199522 Western New York Parents' Knowledge Levels and Attitudes towards HPV and the HPV Vaccine

Monday, November 9, 2009

Katharine Dobson, BS , Department of Health Behavior, Roswell Park Cancer Institute, Buffalo, NY
Cheryl Higbee , School of Public Health- Department of Epidemiology, State University of New York at Buffalo, Buffalo, NY
Andrew Hyland, PhD , Department of Health Behavior, Roswell Park Cancer Institute, Buffalo, NY
Martin Mahoney, MD, PhD , Department of Cancer Prevention, Roswell Park Cancer Institute, Buffalo, NY
Background: HPV is one of the most prevalent sexually transmitted diseases. Few studies have been conducted to determine the levels of knowledge and awareness of HPV, perceived benefits of and barriers to the vaccine, and adoption of the available HPV vaccine in specific populations.

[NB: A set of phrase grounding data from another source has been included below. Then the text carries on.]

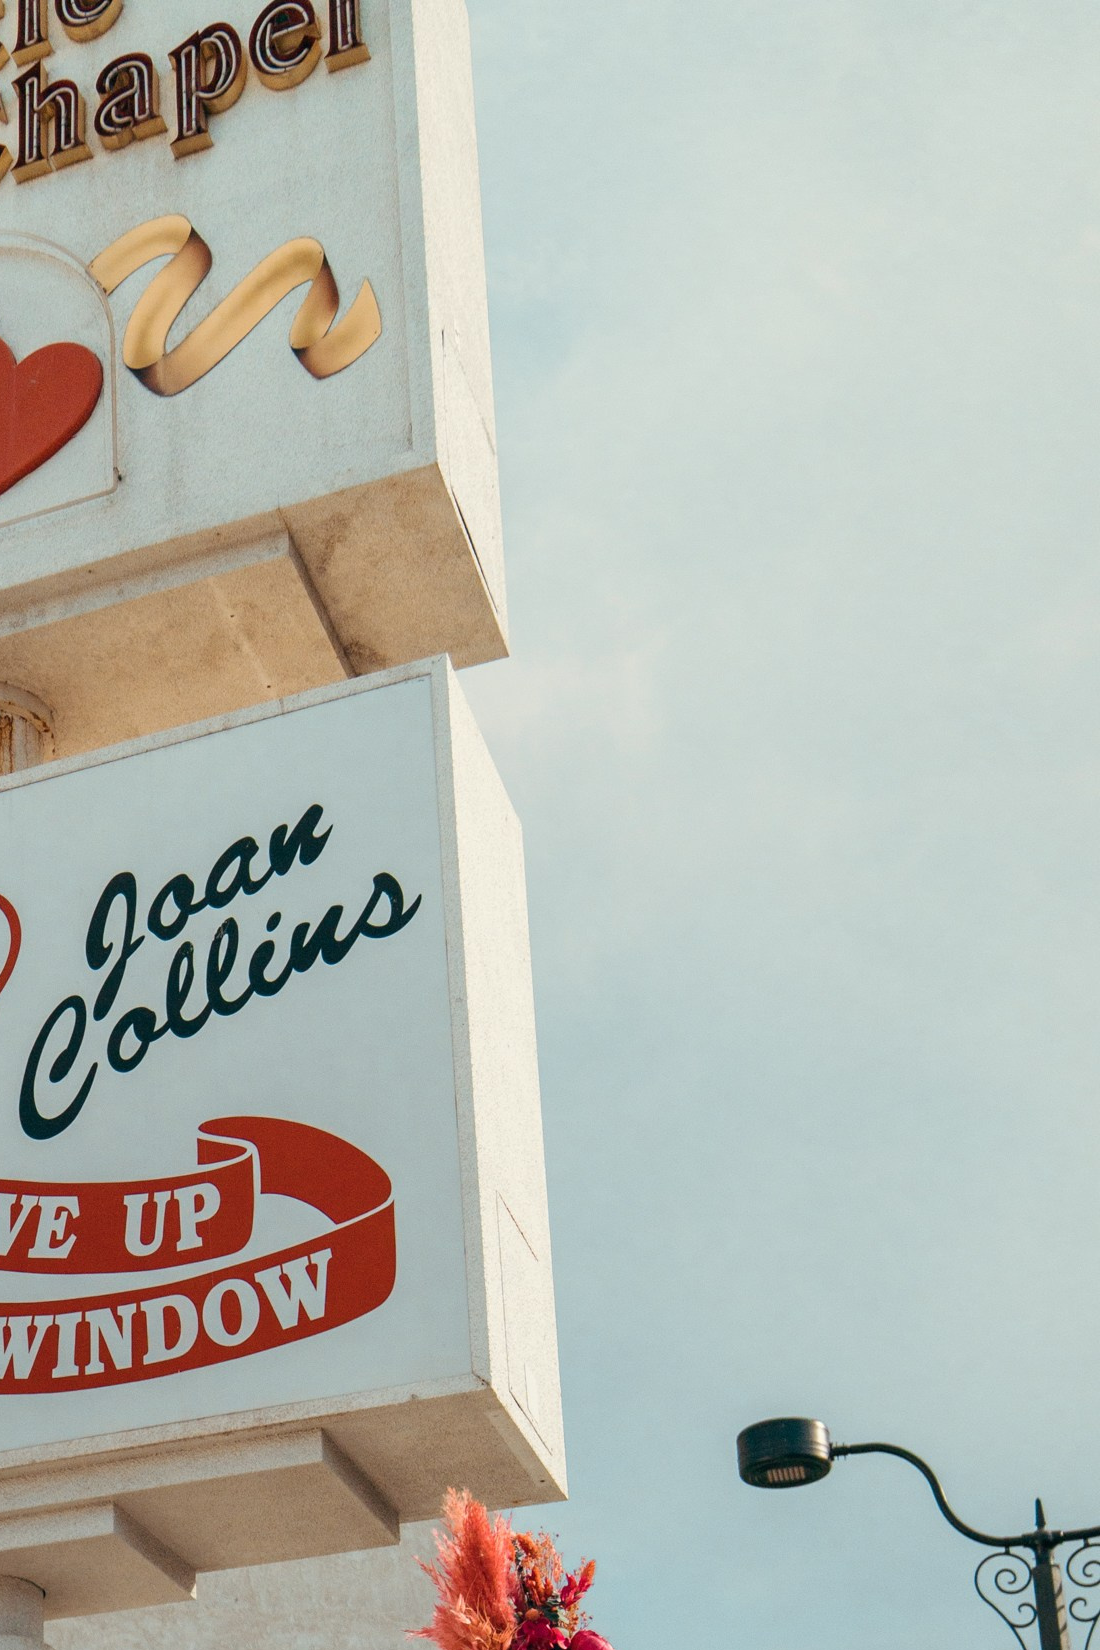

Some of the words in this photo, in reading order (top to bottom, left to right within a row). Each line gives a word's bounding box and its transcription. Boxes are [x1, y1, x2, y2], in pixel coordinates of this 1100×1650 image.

[19, 872, 422, 1140] Collins
[85, 804, 333, 1021] Joan
[122, 1183, 222, 1257] UP
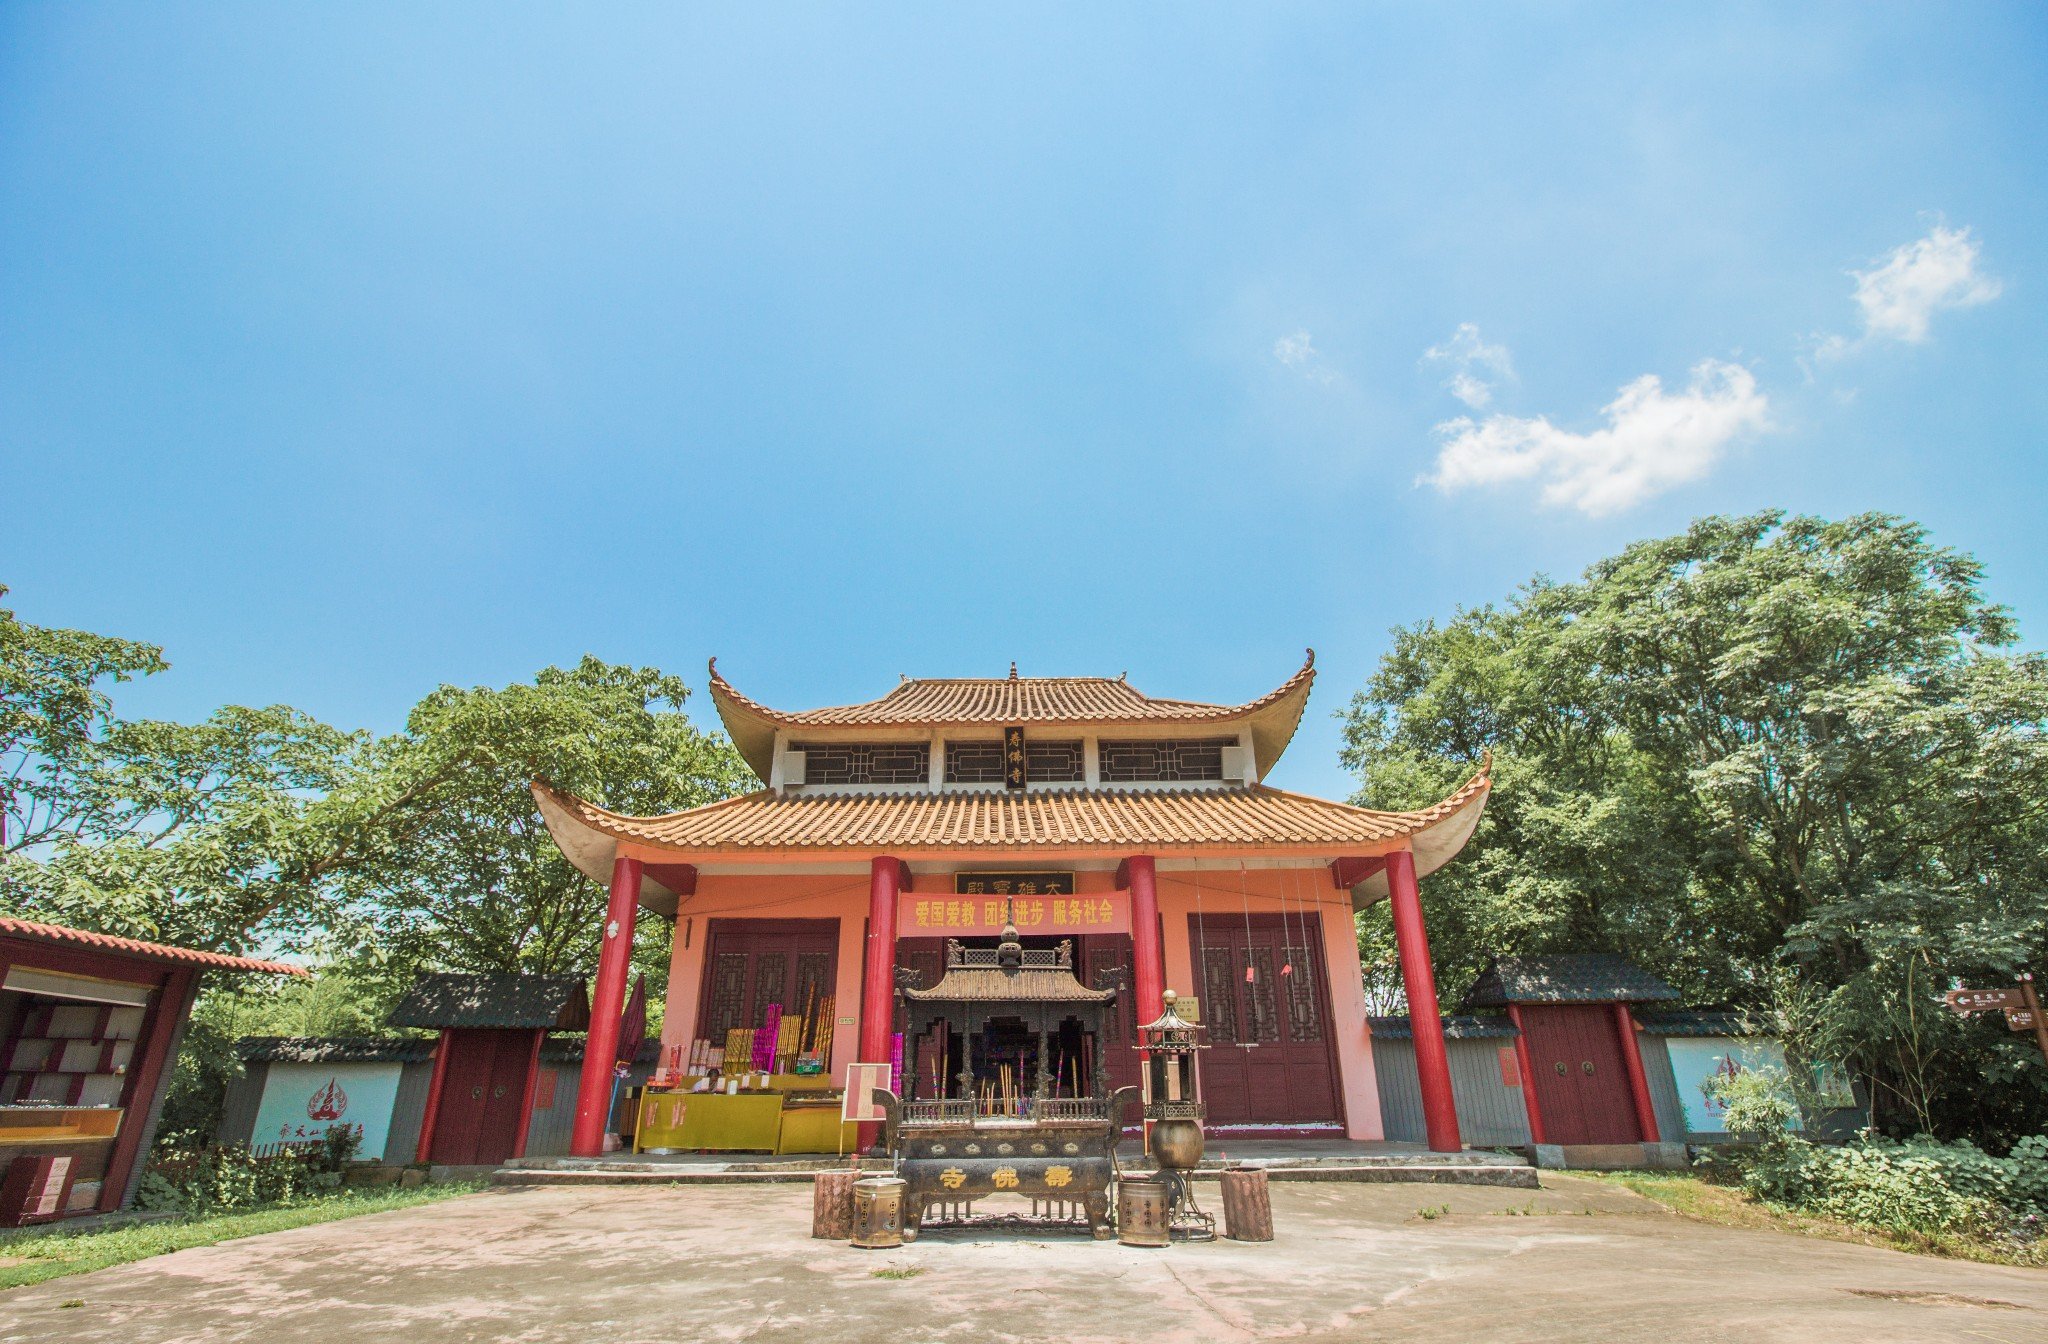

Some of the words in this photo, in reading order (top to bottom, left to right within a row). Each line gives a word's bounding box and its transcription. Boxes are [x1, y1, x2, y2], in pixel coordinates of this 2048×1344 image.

[916, 901, 975, 927] 爱国爱教
[984, 900, 1044, 926] 团结进步
[1053, 898, 1113, 925] 服务社会

Methods: 1305 Western New York adults aged 18+ completed a random digit dial phone survey between January and March 2008. 325 participants were parents, with a total of 280 daughters ages 9 to 17. Survey items included respondent/family demographics, awareness and knowledge of HPV, and perceived benefits of, barriers to, and adoption rate of the vaccine. Analysis was mainly descriptive in nature.

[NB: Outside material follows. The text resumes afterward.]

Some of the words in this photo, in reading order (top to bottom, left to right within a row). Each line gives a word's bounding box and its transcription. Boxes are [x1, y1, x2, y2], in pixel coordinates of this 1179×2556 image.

Results: 29% of daughters age 9 to 17 have received the HPV vaccine. 35% of parents intended to have their daughters vaccinated. Parents whose daughters were vaccinated were more likely to have health insurance, have had an abnormal pap smear in the past, and to believe the vaccine is safe. Among those who did not intend to vaccinate their daughters, 59% reported that they would consider it if recommended by their physician. 83% of those noting no intention of vaccinating their daughters thought it was important that the vaccine would not influence their daughters' sexual behavior.

Conclusion: HPV vaccination rates among WNY parents appear generally consistent with national trends to date. Increasing awareness and knowledge about both the impact of HPV infections and the safety and effectiveness of the vaccine, together with physician recommendations, may help increase rates of HPV vaccination in WNY.

Learning Objectives:
Describe the knowledge and awareness levels of HPV, perceived benefits of and barriers to the HPV vaccine, and adoption rate of the HPV vaccine among parents of girls age 9 to 17 in Western New York.

Presenting author's disclosure statement:

Qualified on the content I am responsible for because: I am a student and candidate for a Masters in Public Health at the University at Buffalo, and do research as a pre-doctoral trainee at Roswell Park Cancer Institute.
Any relevant financial relationships? No

I agree to comply with the American Public Health Association Conflict of Interest and Commercial Support Guidelines, and to disclose to the participants any off-label or experimental uses of a commercial product or service discussed in my presentation.